Nerdy Notes: Gruntled and Heveled


When you think about it—not that you do, but if you did—it seems that the word “extraordinary” makes no sense whatsoever.  After all, how can something be extra ordinary, and why would that be good?

The other day, my thoroughly ordinary best friend brought that up, and it got me to wondering about other misleading compound words in the English language.  It turns out, there are quite a few, and some of them quite interesting.

Take “cranberry”, for example.  We can see quite plainly where blueberries, blackberries, and strawberries get their names… but cranberries?  What is a cran?  And how about gooseberries?!

Of course, in addition to prefixes which don’t mean anything, there’s a regular plethora of those which do mean something… just not what we think.  And of course, many of these are part of words which have no independent root.  Take “disgruntled”, for example.  Anyone can be “disgruntled”, but can you be “gruntled”?  Presumably, that’s what you are most of the time, when you’re not disgruntled.

Then there’s the matter of debunking something—taking the bunk out of it.  It certainly seems that if you can debunk something, someone must have bunked it in the first place, but that’s not at all what “bunk” means.  In fact, given what it means to bunk something (or someone), it rather seems that “debunking” should be the business of getting someone out of bed.

If you are terribly confused or frustrated about something, you are said to be “discombobulated”.  While that’s all well and good, why isn’t it the case that if you understand something utterly and have mastered it completely, you are “combobulated”?  How can we discombobulate that which was never combobulated!?

You’ll have to forgive your blogger, here, if he sounds nonchalant about these matters.  Trust me; if I could be chalant, this is where you’d see it.  Unfortunately, I can’t, because the word doesn’t exist.  Nevertheless, the next time someone’s just wandering along not fretting, blithely going about their business as though it were of no great concern, you might suggest that they be a bit more chalant… just to rile them up.

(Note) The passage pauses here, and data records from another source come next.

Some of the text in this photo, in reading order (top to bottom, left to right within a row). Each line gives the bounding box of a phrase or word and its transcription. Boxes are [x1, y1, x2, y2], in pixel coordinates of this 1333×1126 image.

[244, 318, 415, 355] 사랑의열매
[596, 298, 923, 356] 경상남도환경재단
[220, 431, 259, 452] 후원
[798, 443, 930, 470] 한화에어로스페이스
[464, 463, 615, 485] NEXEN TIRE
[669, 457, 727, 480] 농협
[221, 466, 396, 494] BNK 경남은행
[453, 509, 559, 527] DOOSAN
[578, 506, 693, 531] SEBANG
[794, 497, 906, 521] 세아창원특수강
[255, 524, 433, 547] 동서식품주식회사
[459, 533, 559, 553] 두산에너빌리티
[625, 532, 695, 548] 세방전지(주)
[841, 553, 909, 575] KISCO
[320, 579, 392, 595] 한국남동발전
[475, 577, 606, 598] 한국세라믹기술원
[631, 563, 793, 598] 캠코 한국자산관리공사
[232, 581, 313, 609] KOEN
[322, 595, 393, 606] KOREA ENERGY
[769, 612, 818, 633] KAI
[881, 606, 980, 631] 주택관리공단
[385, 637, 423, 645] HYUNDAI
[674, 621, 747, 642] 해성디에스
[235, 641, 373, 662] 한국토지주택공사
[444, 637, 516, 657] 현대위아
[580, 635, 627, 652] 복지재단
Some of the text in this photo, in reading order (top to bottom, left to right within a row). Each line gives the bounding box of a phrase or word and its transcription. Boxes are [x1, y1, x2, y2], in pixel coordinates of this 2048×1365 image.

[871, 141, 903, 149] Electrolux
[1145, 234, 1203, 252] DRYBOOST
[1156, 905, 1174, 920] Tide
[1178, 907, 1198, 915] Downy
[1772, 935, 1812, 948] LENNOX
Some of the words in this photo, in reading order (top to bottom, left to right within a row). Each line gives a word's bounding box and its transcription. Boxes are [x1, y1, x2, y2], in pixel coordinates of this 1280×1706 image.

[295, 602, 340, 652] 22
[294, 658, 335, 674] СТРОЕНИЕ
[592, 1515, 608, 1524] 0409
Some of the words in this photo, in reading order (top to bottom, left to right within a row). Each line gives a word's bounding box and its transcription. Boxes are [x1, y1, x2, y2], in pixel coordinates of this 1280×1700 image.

If you can dismantle something, why can’t you mantle it?  Well, you can, but it doesn’t mean the opposite of “dismantle”.  It seems that if dismantling is taking apart, mantling should be putting together.  Well, as the old saying goes, etymologies can be deceiving.

On second thought, before asking anyone for help, you’d better make sure you’re heveled.  I mean, if you can be disheveled—which is no good—surely you can be heveled, right?  One can be kempt or unkempt, clean or unclean, honest or dishonest, so if one can be disheveled, it only seems fair that one should be able to rectify that situation and come out heveled.  I’ll give it a try and let you know how it works out.

Where all these words are concerned, there’s an interesting layer of irony to “misnomer”.  It’s not named very well.  After all, you can’t have a nomer, so it seems misleading to have a misnomer.  Clearly, if you were to change something’s or someone’s name to be more apt, you would have given it a nomer.

I realize, dear reader, that all of this may leave you somewhat nonplussed.  But don’t you worry, a good night’s rest will leave you just as plussed as you can be.  You’ll need that beauty sleep anyway, so you can be heveled, combobulated, and gruntled as you chalantly mantle answers to these questions:

If you’re not deluded, are you luded?

When you do something the first time, is that called a peat?

If someone is sane, are they ranged?

If someone is not insane, are they mented?

When it turns out that things don’t go wrong, isn’t it such a big appointment?

When you’re not worried and losing confidence, are you traught?

If something isn’t revolting to the senses, is it gusting?

On that note, the first time the people rise up in arms to overthrow their government, is it a volution?

…and the first time a door goes around, is it volving?

When you’re not saddened, are you mayed?

If something goes as planned, without interruption, is it rupted?

How does adding “ex” to “pensive” produce a word meaning “costly”?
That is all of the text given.